Il cinque marzo del 1910 nasceva a Pescara Ennio Flaiano, uno degli scrittori italiani più citati e meno letti del secolo scorso.
Non esiste intellettuale, o presunto tale, che in Italia non tenga in serbo tre o quattro dei suoi aforismi per fare bella figura nel corso di qualche frivola conversazione.
Eppure Flaiano fu scrittore, giornalista e sceneggiatore di razza, anche se oggi viene scambiato – o peggio “ricordato” – quale un banale battutista da cabaret.
A soli dodici anni si trasferisce a Roma, il 27 ottobre del 1922, e viaggia su un treno pieno zeppo di camicie nere che si apprestavano a marciare sulla capitale.
All’inizio degli anni trenta condivide una stanza con il pittore Orfeo Tamburi e collabora come scenografo con Anton Giulio Bragaglia, futurista, commediografo e artista tra più importanti del periodo tra le due guerre.

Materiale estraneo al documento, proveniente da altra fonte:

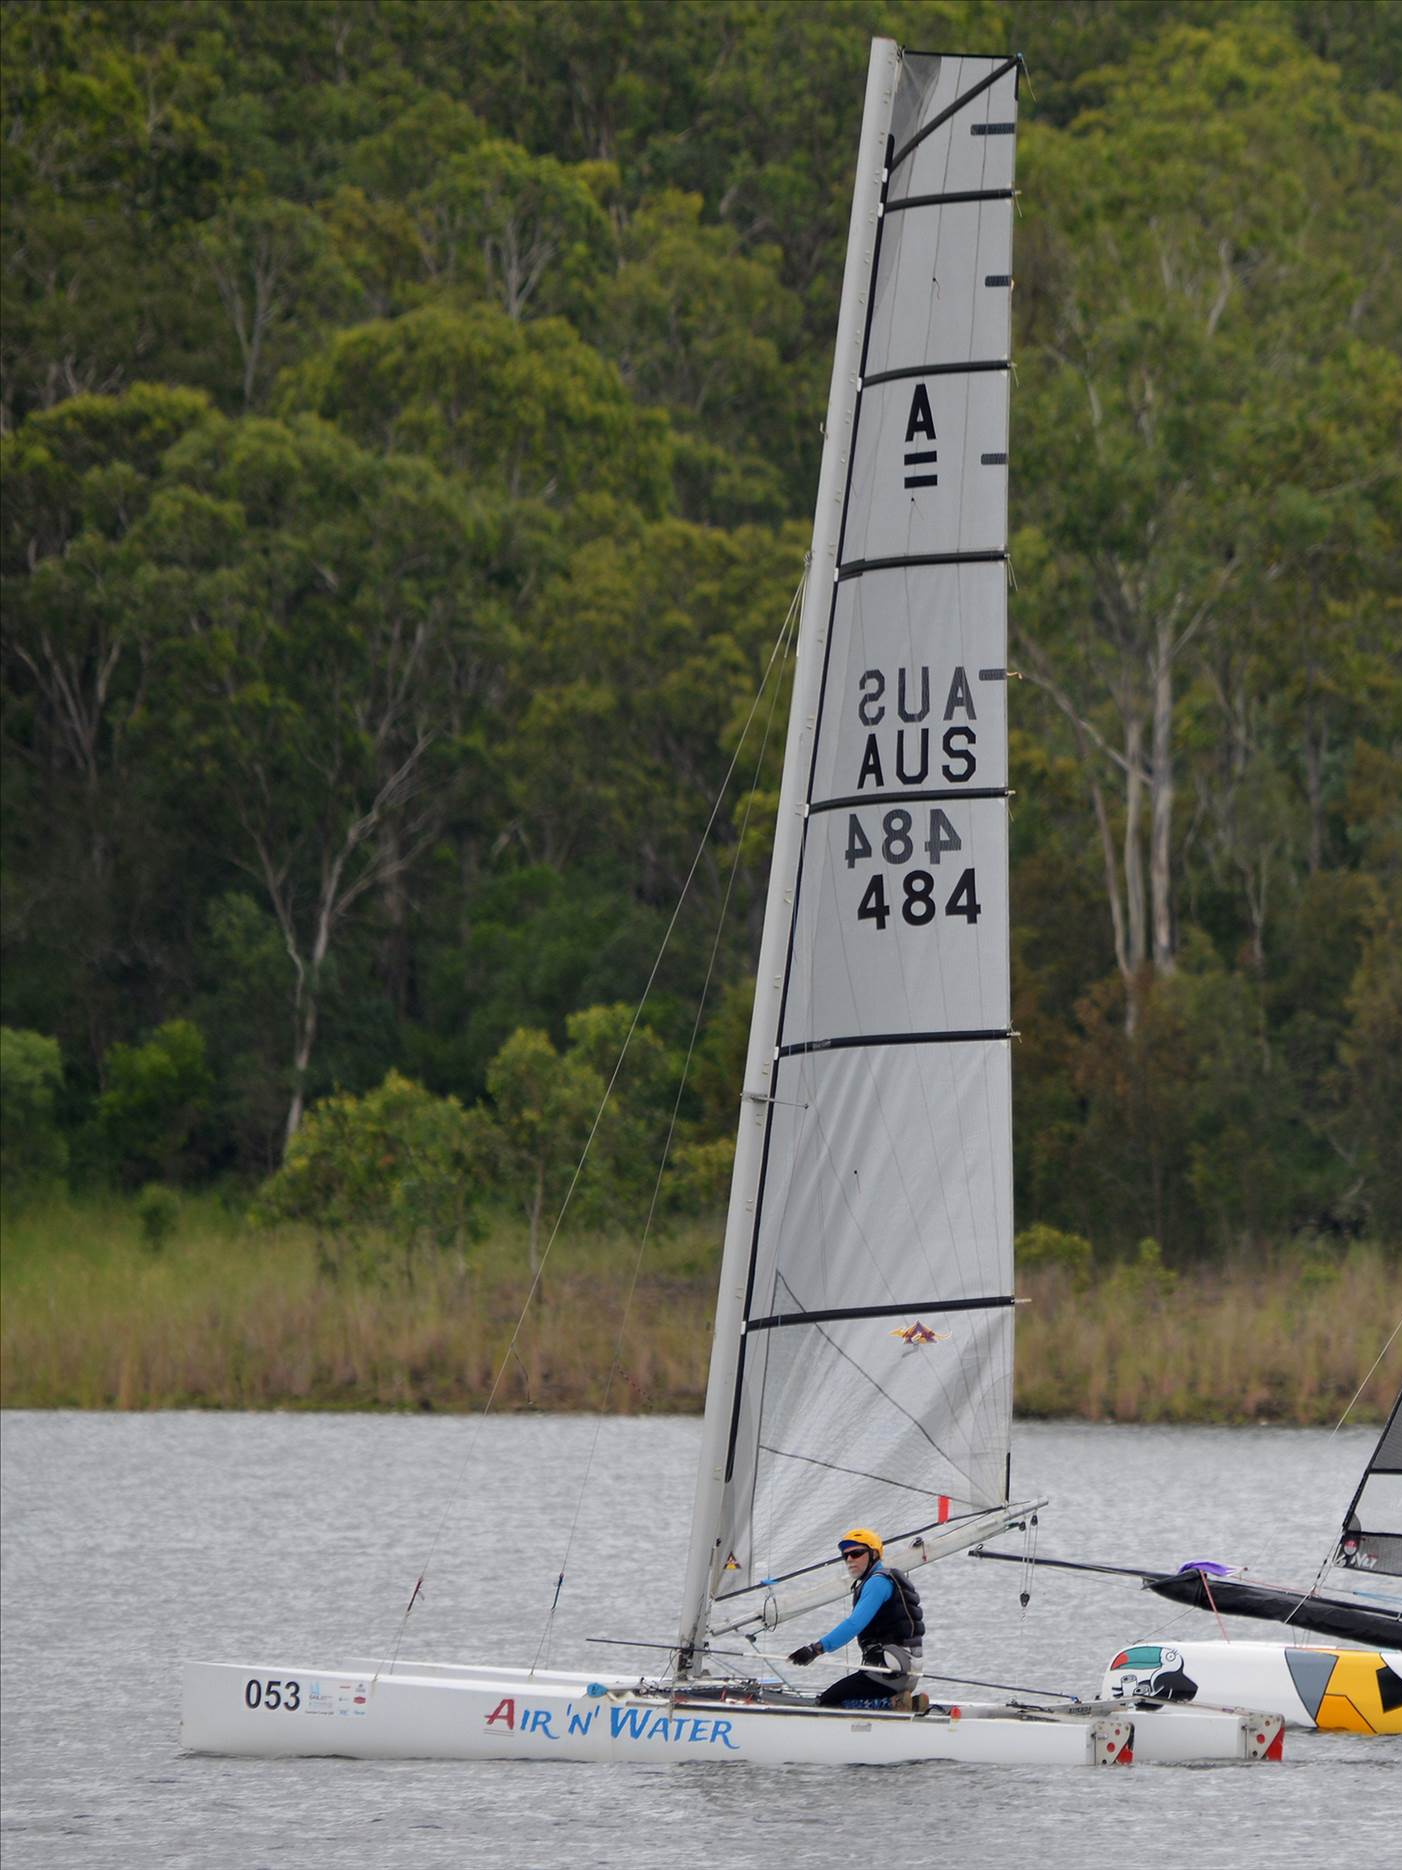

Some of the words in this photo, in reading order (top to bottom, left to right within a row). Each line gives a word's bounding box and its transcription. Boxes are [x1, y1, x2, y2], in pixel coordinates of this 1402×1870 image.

Contemporaneamente diventa sodale di personaggi del calibro di Mario Pannunzio, Telesio Interlandi, Leo Longanesi e collabora a diverse loro riviste, tra le quali Omnibus e Quadrivio. Dal 1933 al 1936, dopo un soggiorno a Pavia per frequentare la Scuola Ufficiali, partecipa alla Guerra d’Etiopia.
Ma il periodo più fecondo si colloca tra il 1947 e il 1972, anno della sua morte.
In un ambiente in cui centinaia di pseudo intellettuali si vantavano – ma più spesso millantavano – di essere stati collaboratori de “Il Mondo”, Flaiano ricopre (per davvero) l’incarico di caporedattore nella prestigiosa rivista di Mario Pannunzio fino al 1951.
In seguito affiancherà all’attività di giornalista e scrittore quella di sceneggiatore cinematografico, lavorando fianco a fianco con registi quali Blasetti, Lattuada, Monicelli, Soldati, Rossellini, Antonioni e molti altri. Ma più di tutti partecipò alla realizzazione di ben dieci film di Federico Fellini, tra i quali La Dolce Vita e 8 ½, che vinse due premi Oscar.
Fu un intellettuale raffinato e instancabile, tanto che una delle sue frasi preferite era:
Io credo soltanto nella parola: la parola ferisce, la parola convince, la parola placa: questo per me è il senso dello scrivere.
Ed è un vero peccato che questo straordinario scrittore, amante sì del paradosso ma sempre sagace, lucido e intelligente, sia sottovalutato e misconosciuto. Forse perché tra le sue pagine riecheggiava quel Futurismo all’interno del quale si era formato?
Ma in questo mondo in cui “vivere è diventato un esercizio burocratico (citazione da “Il Gioco al Massacro”)”, non ci si può aspettare molto di più.